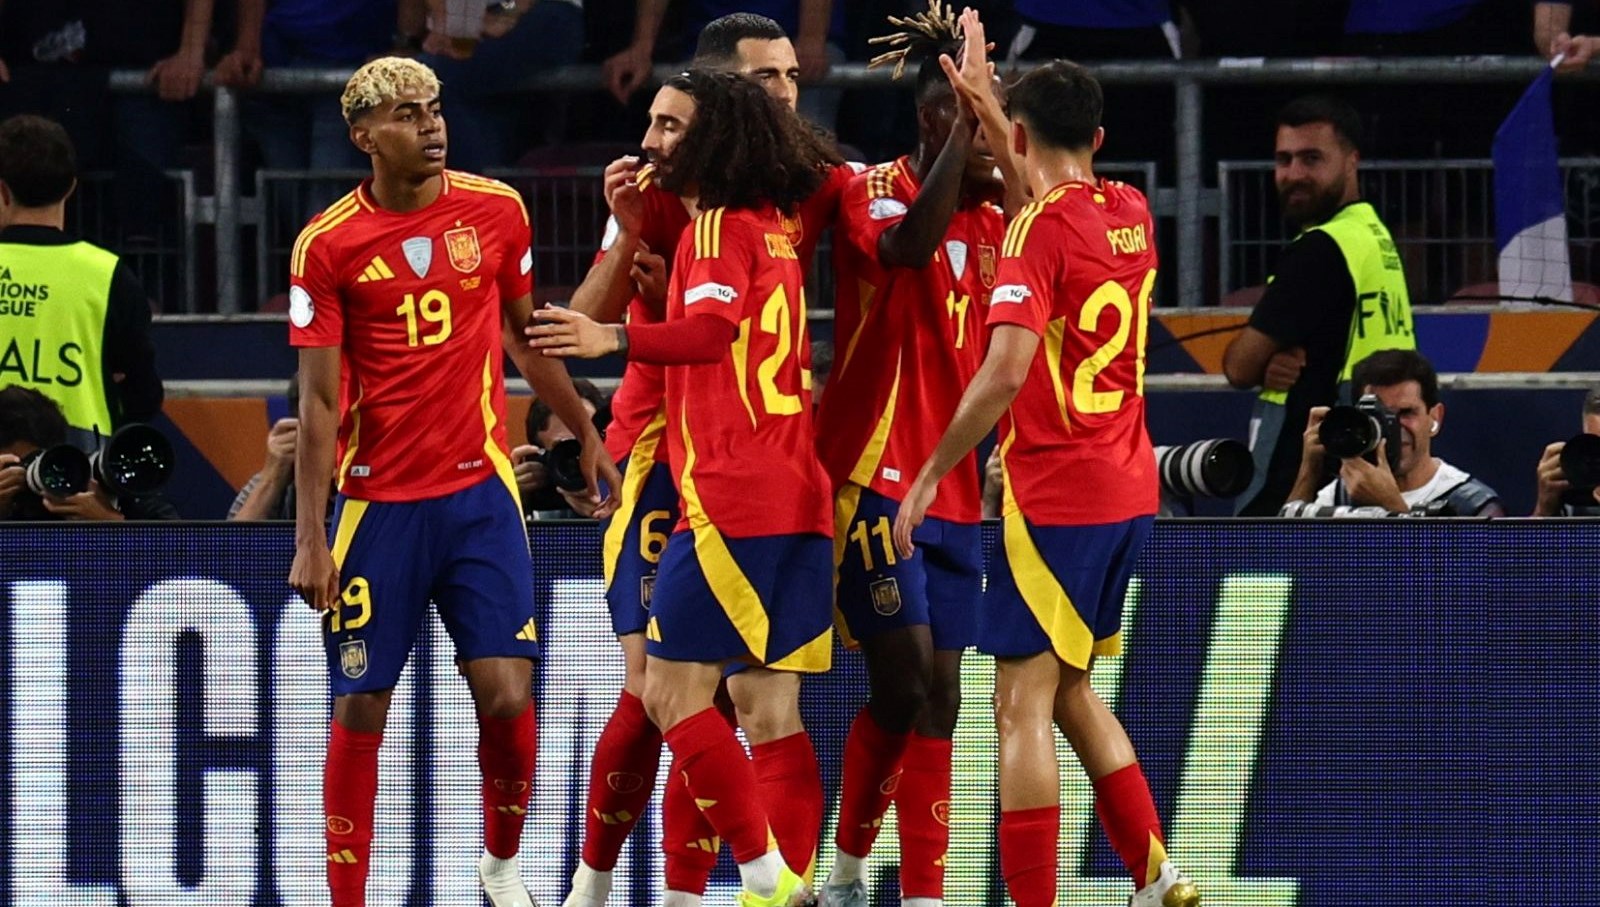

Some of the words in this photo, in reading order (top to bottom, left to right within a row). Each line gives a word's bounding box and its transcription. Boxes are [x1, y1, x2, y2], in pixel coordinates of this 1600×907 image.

[1106, 223, 1147, 255] PEDRI
[0, 265, 12, 281] A
[0, 283, 49, 301] IONS
[396, 289, 452, 347] 19
[640, 510, 671, 563] 6
[850, 516, 896, 571] 11
[331, 576, 372, 633] 19
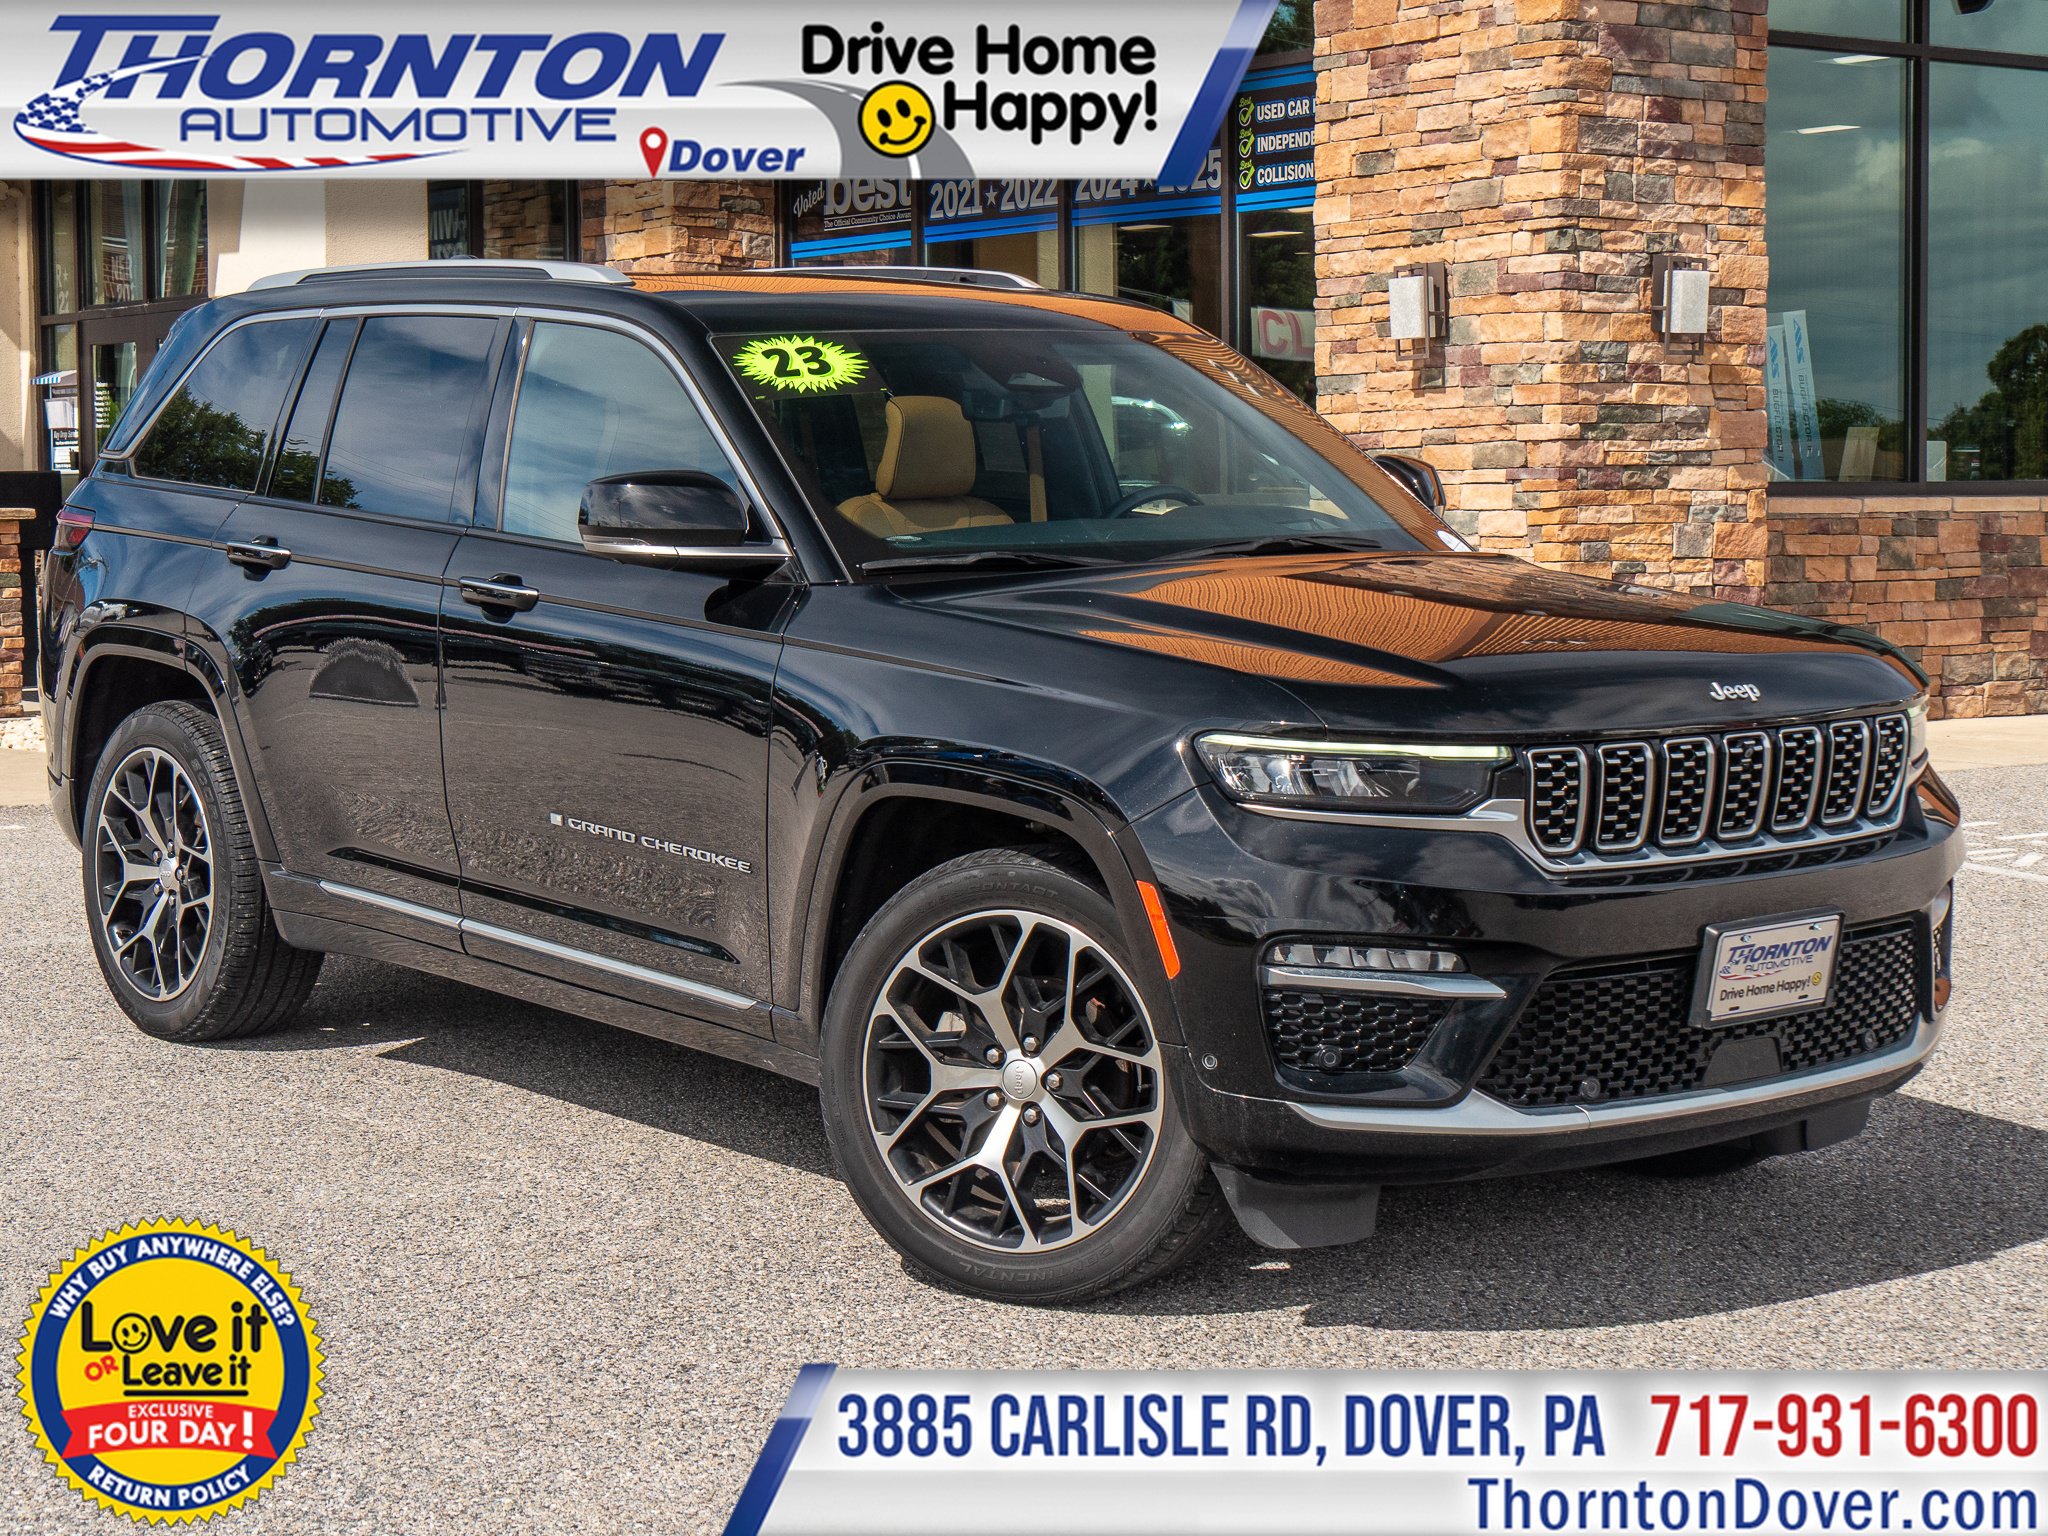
-- -- --
Problem statement – Restate the whole of the material word for word without the pictures.

Result of this exercise –
Some of the words in this photo, in reading order (top to bottom, left to right within a row). Each line gives a word's bounding box and its transcription. Boxes are [x1, y1, x2, y2], in pixel coordinates of this 1600×907 image.

[1106, 223, 1147, 255] PEDRI
[0, 265, 12, 281] A
[0, 283, 49, 301] IONS
[396, 289, 452, 347] 19
[640, 510, 671, 563] 6
[850, 516, 896, 571] 11
[331, 576, 372, 633] 19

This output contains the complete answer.